Paul Giem: Isochron Dating Rocks and Magma Mixing

On the 8th of August, 1916, a discharge of lightning struck a mining car rail line, which conducted the electrical energy deep into the mine shaft. Three workers lost their lives in the explosion; one of them was my wife’s great granduncle.

This piece of family lore actually ties into the question of 14C contamination in coal. Methane builds up in coal mine shafts because methanogenic fungi and bacteria colonize the exposed coal and timbers, so any extracted coal is already tainted. But it is well known that even coal sitting undisturbed deep underground is populated by a pervasive ecosystem of fungi, bacteria, and archaea. Coal seams are porous, fractured, and permeable to groundwater and aquifers. That methane is produced in coal seams has been long recognized in industry, and stable isotope analysis is routine to ascertain biogenic origin. The coal may date back to the carboniferous era, but the subterranean biome lives in situ now. Methane seepage into coal shafts where it builds past the lower explosive limit is enabled by the permeability of coal. Coal is not even remotely close to pristine and hermetically sealed awaiting 14C dating.

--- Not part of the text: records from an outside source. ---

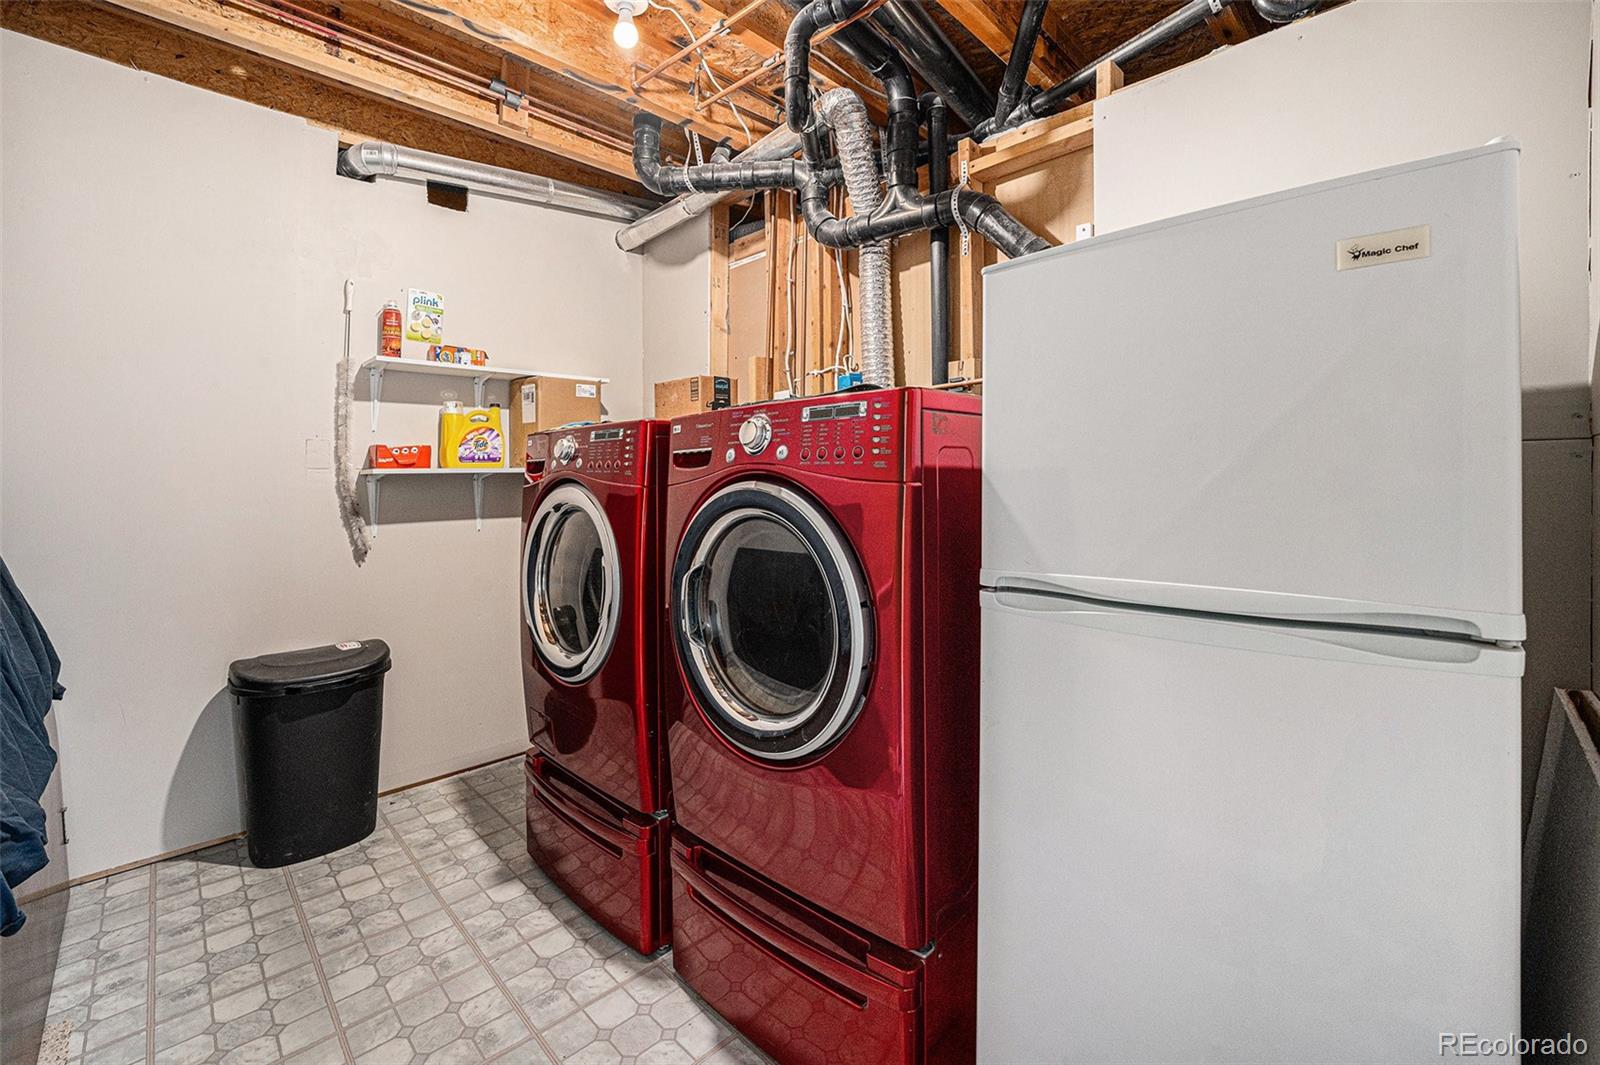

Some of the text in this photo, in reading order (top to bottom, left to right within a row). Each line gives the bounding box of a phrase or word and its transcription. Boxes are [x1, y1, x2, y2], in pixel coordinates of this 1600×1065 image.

[1361, 242, 1420, 258] Magic Chef
[412, 295, 439, 308] plink
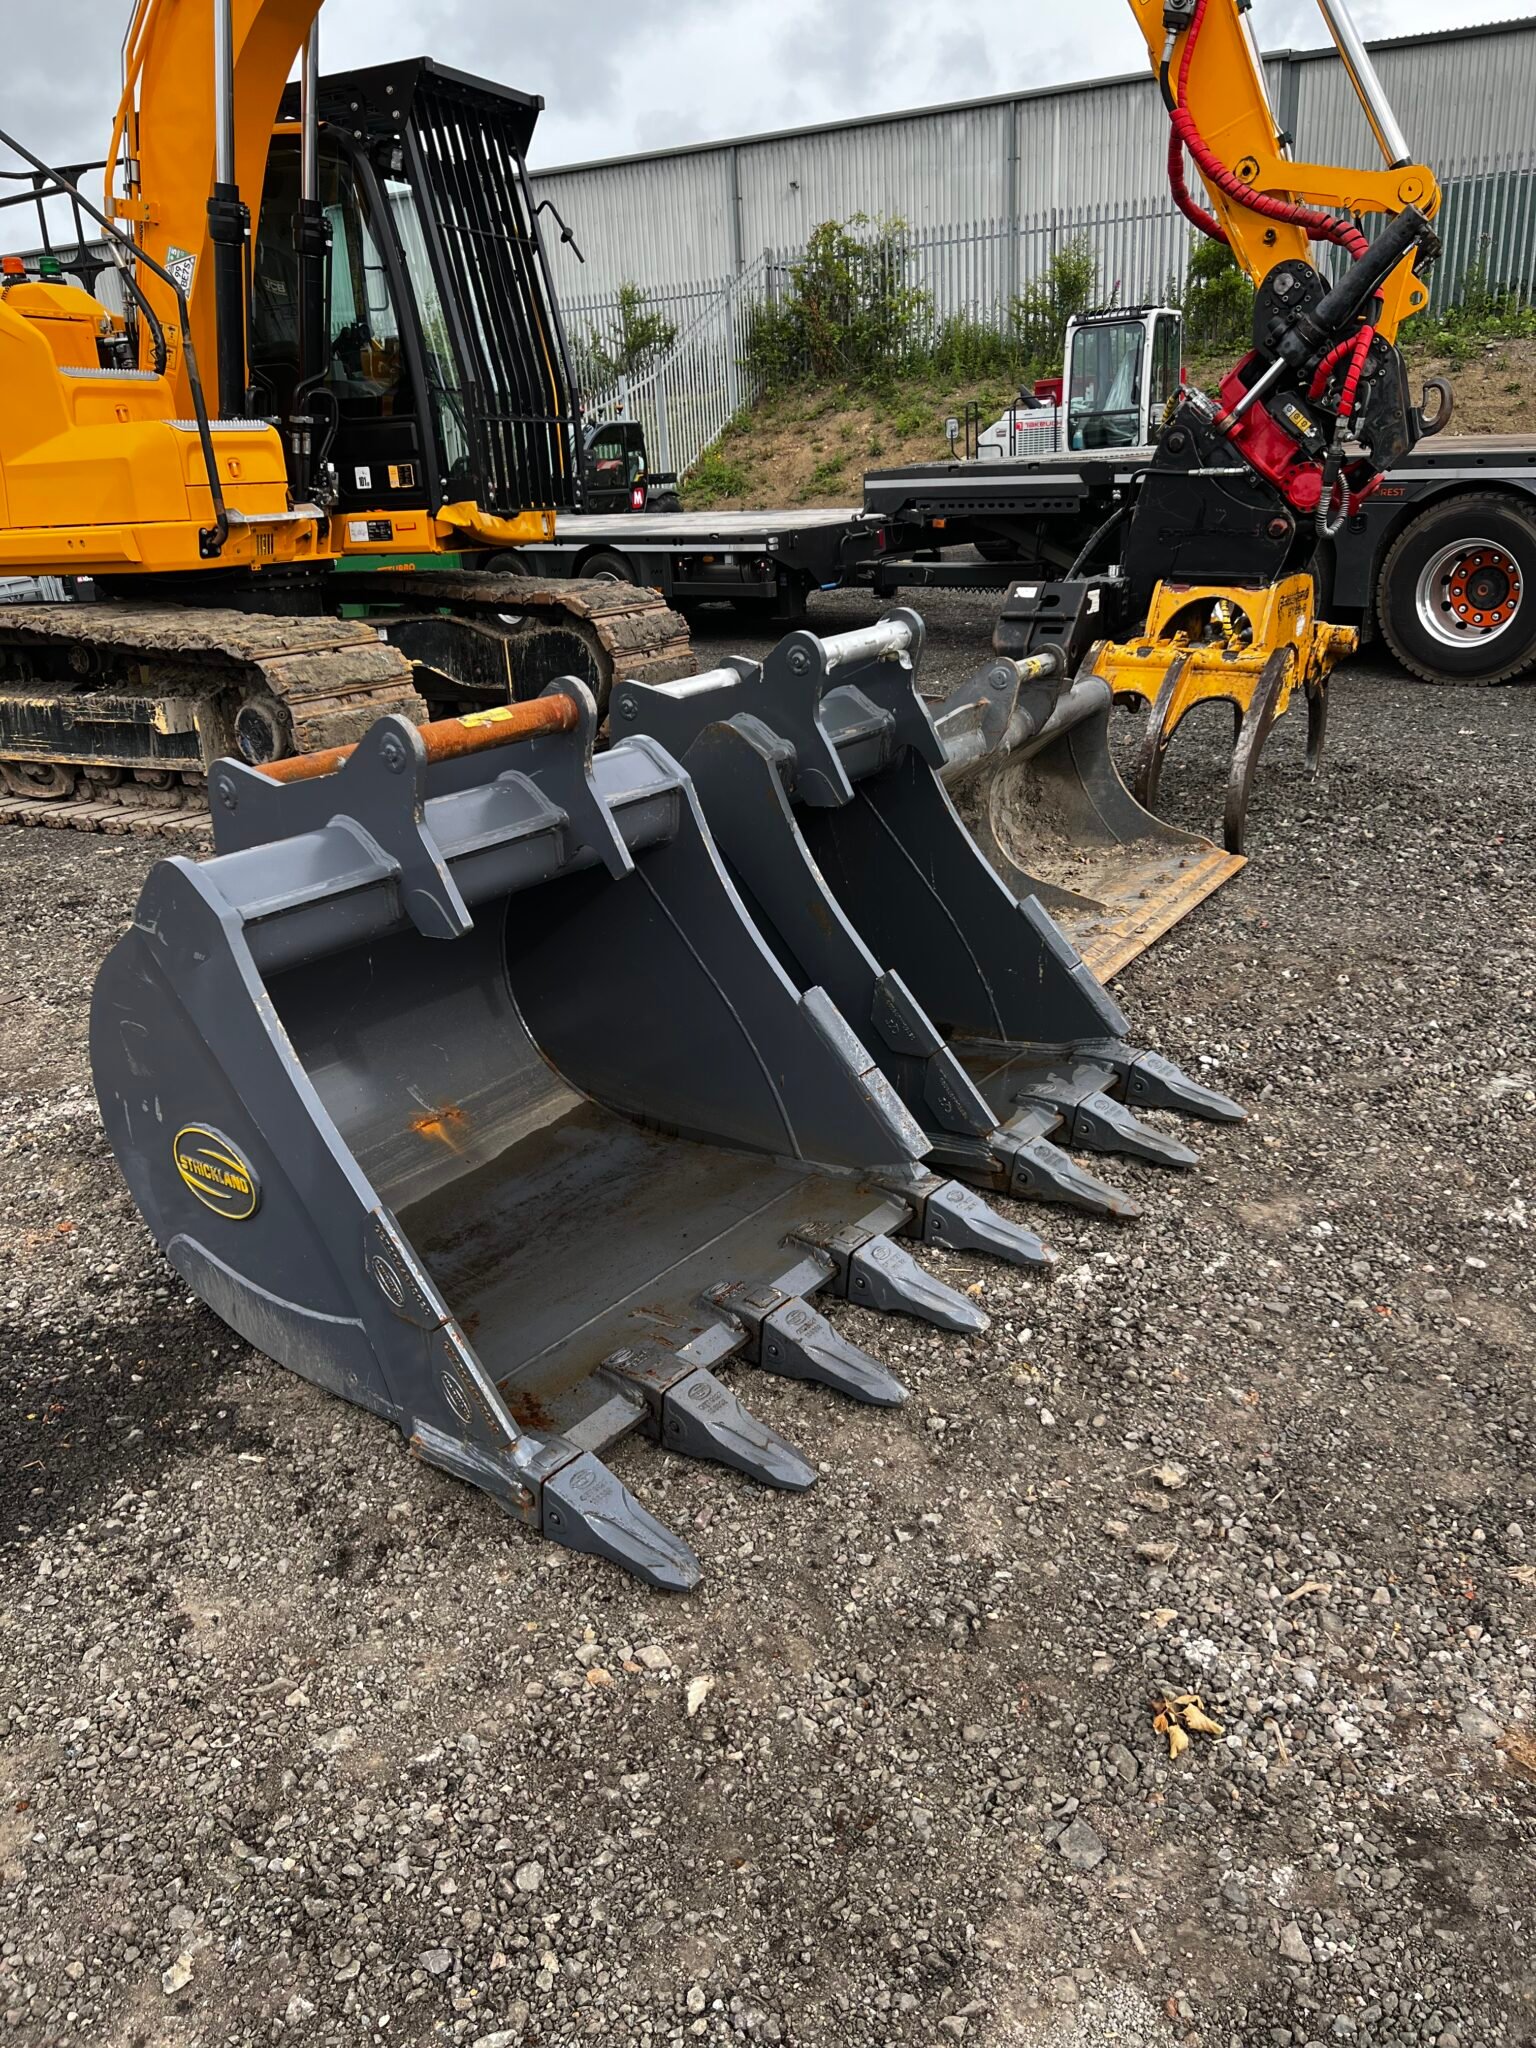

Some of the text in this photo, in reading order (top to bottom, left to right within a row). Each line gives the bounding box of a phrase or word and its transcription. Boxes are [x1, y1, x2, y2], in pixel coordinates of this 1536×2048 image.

[174, 265, 182, 278] 99
[1024, 420, 1063, 429] TAKEUCH
[1373, 487, 1406, 497] REST
[179, 1154, 249, 1194] STRICKLAND

Study has moved on from the question of if there is significant biological activity in coal, to much more detailed characterization, aspects of research concerning the potential of utilization and enhancement for commercial exploration and production, understanding of aquifer hydrology and surface influence, and more academic interest in diversity, phylogeny, interaction, and particular habitat preferences of the various microbial species. A great deal of understanding of subsurface biomes has progressed since 1989 when David Lowe was already warning “even with these precautions, considering the ubiquitous occurrence of fungi and microbes (bacteria have been found in a drill hole 3 km underground apparently living on granite!), the use of coal samples as routine 14C laboratory background test samples should probably be avoided.”

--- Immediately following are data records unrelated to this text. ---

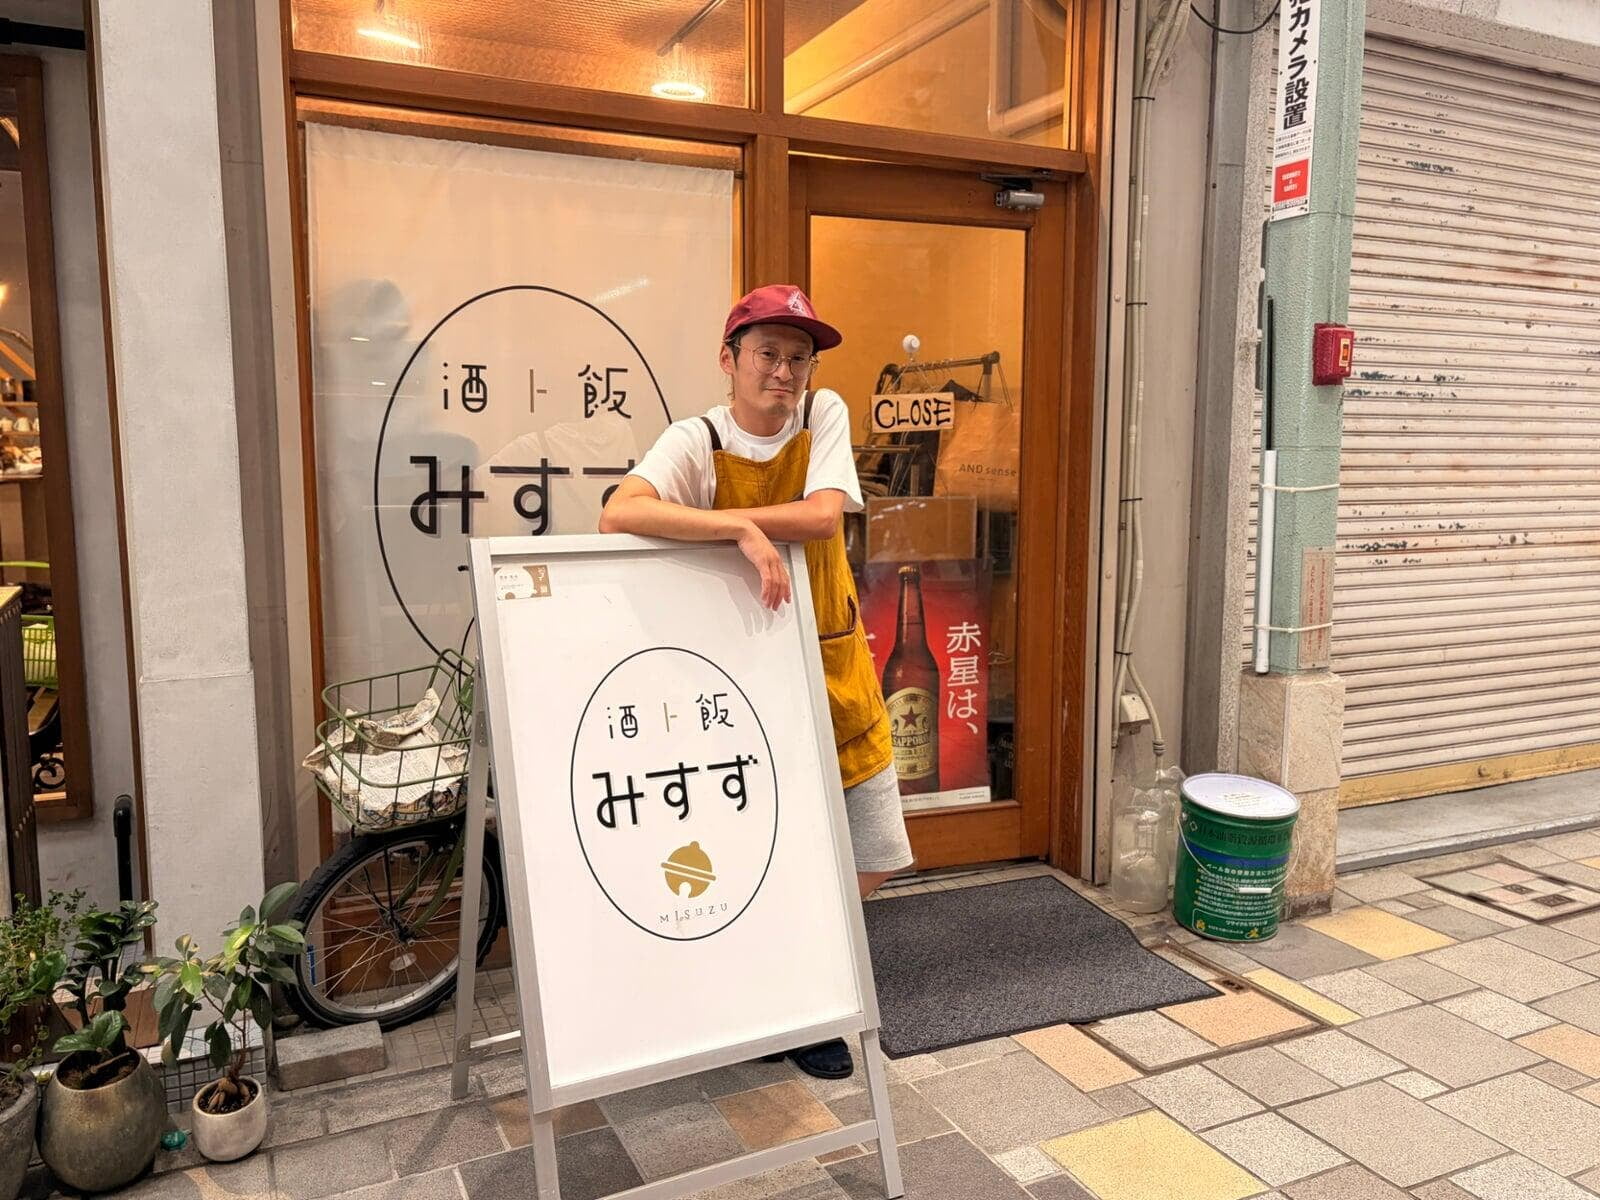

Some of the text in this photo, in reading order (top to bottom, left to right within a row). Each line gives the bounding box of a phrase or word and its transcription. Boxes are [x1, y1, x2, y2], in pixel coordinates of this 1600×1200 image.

[874, 397, 951, 429] CLOSE
[958, 463, 983, 474] AND
[946, 621, 982, 735] 赤星は、
[592, 754, 759, 829] みすず
[660, 903, 728, 923] MISUZU

It is expected, then, that trace amounts of 14C would be ubiquitous in coal, which may be added to contamination during extraction and handling prior to the lab. Then there is sample preparation. Then there is the AMS itself. AMS is a marvelous piece of technology which yields reliable results, but like any instrument it will have inherent limitations on sensitivity, and will require recurrent zeroing and range calibration. Added together, the actual outcome is pretty much in line with what one would expect, from no significant 14C to very little.

His bio on both the CMI and AiG sites has him stating:

I believe that if we do our homework carefully enough, and without succumbing to bias, we will find that the Book, including a literal 6-day creation, will stand.

Pertinent to 14C dating, in the same article Paul writes:

Carbon-14 dating was the most fascinating method of all. Fossil carbon, with a conventional age of up to 350 million years, repeatedly dated to less than 55,000 radiocarbon years. This is compatible with a date of as low as 4,000 years in real time (the date of the Flood would have to be determined on other grounds). It is incompatible with an age of millions of years, or even realistically with an age of over 100,000 years or so. It basically forces one into accepting a short chronology for life on earth.

@PaulGiem , as this was written back in 2001, I would be interested if you are steadfast on that statement, because I find the assertion of AMS accuracy with vanishingly minuscule 14C way out on the decay asymptote, to be incredibly dissonant with the idea that “radiocarbon years” are an whopping order of magnitude inaccurate in “real time”.